とか何とか考えながらマジマジと獣耳を鑑賞していると、再び御者の声が飛ぶ。
「ちょっと! ボクの話、聞いてるのかなぁ!」
今度は馬の手綱を握り締めたまま、御者の人がこちらを振り返った。
声の感じからそうかなとも思っていたのだが、顔立ちを見るにどうやら俺と同い年くらいの少年だったようだ。少女のものと言われても納得するほどの鈴を転がすような高い声に、俺とは違い生気に満ち溢れている整った顔。「美少年」とは、正しくこいつのような奴のことを指す言葉なのだろう。

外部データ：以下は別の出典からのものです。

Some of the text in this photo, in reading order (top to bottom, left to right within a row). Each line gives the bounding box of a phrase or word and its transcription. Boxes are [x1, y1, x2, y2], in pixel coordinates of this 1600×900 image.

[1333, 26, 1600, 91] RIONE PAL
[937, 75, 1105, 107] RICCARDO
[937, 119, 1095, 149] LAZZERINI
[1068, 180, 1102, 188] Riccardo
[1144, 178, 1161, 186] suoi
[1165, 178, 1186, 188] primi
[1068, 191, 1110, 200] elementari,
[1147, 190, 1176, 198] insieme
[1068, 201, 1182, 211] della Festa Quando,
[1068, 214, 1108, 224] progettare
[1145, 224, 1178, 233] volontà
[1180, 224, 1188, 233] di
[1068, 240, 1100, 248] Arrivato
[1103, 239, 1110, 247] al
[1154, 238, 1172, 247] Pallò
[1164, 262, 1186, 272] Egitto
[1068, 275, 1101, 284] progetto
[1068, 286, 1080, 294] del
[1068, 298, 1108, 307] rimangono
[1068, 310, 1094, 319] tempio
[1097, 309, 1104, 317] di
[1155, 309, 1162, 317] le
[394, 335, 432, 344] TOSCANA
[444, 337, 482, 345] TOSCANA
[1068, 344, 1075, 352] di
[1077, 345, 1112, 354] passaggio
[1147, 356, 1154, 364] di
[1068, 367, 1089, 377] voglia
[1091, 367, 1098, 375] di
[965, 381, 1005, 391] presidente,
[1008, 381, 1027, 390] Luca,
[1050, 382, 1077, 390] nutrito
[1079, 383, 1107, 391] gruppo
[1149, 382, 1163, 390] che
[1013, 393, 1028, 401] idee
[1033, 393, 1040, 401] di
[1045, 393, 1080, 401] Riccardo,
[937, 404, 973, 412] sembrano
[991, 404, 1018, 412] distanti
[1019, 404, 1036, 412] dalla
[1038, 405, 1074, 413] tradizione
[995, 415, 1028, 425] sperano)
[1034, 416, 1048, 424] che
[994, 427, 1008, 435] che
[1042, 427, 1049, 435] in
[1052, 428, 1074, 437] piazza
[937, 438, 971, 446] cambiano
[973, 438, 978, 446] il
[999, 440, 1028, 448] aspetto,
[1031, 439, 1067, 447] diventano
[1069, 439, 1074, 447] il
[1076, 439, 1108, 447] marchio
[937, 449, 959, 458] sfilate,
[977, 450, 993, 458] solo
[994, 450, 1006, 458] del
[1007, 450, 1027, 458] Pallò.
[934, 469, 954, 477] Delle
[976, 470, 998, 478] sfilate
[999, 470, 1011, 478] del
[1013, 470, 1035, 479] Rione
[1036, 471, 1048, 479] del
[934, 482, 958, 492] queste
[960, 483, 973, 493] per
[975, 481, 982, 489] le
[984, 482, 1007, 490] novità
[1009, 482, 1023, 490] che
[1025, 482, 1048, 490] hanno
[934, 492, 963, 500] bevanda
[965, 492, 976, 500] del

「あ、わ、悪い。ちょっと気になることがあったもんでな。で、何の話だっけ?」
「キミは一体どこの誰で、いつの間にボクの馬車に乗り込んで来たのかって聞いてるの!」
時折チラチラと前方を確認しながら、獣耳の少年が三度問い掛けてくる。
「俺か? 俺は、えっと……趣味と仕事と、その他諸々の事情で旅の物書きをやってる者だ」
異世界から来ました、などと言って通じるかどうかわからなかったので、俺は取り敢えず端的に自分の素性を明かすことにした。
「旅の物書き? キミ、旅人なの?」
「そうだ。今までは『ワナビ』と呼ばれる旅人として、『ラノベギョー海』という大海原を旅していたんだが、最近この〈アイベル大陸〉を『ガチで』旅することになったんだ。よろしくな」
「わ、わなび? らのべぎょ……よ、よくわからないけど、とにかく旅人なんだね。それじゃあ、後ろのあいつらの仲間ってわけじゃあないんだね?」
困惑気味に確認しつつ、少年が疾走する荷馬車の後方を指差した。
何のこっちゃと思って、俺も後方を振り返ってみる。十メートルほど間隔を開けた場所に、俺達が乗る荷馬車を追いかけるようにして、数人の男が馬を走らせていた。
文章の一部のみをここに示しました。